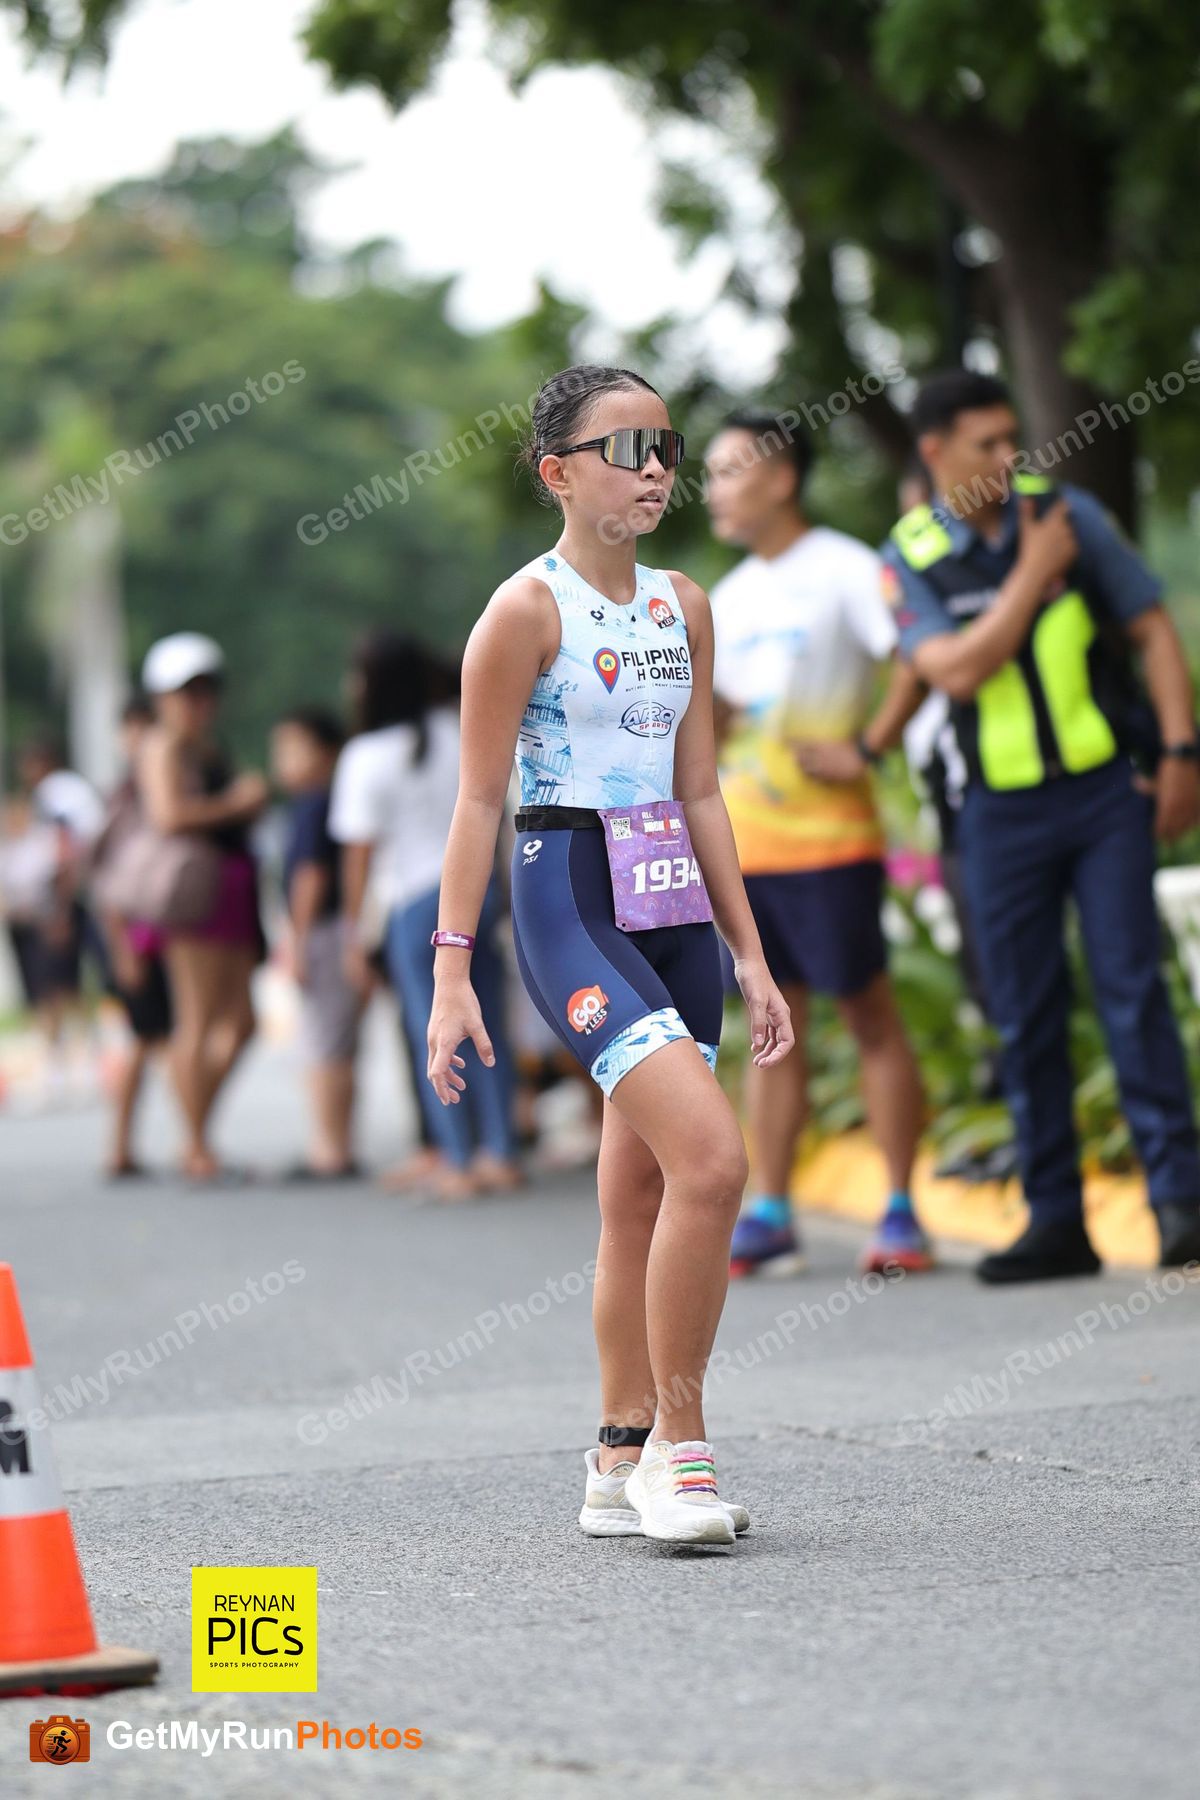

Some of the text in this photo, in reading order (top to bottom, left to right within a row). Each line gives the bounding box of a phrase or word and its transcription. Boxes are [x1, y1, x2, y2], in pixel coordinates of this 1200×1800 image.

[652, 604, 670, 621] GO
[621, 646, 689, 667] FILIPINO
[632, 857, 701, 894] 1934
[573, 995, 600, 1027] GO
[589, 1008, 607, 1028] LESS

▬▬▬

Work to complete →
Restate all the material verbatim; omit every picture.

Written response →
Some of the text in this photo, in reading order (top to bottom, left to right within a row). Each line gives the bounding box of a phrase or word and its transcription. Boxes are [x1, y1, x2, y2], in pixel coordinates of this 1200×1800 image.

[652, 604, 670, 621] GO
[621, 646, 689, 667] FILIPINO
[632, 857, 701, 894] 1934
[573, 995, 600, 1027] GO
[589, 1008, 607, 1028] LESS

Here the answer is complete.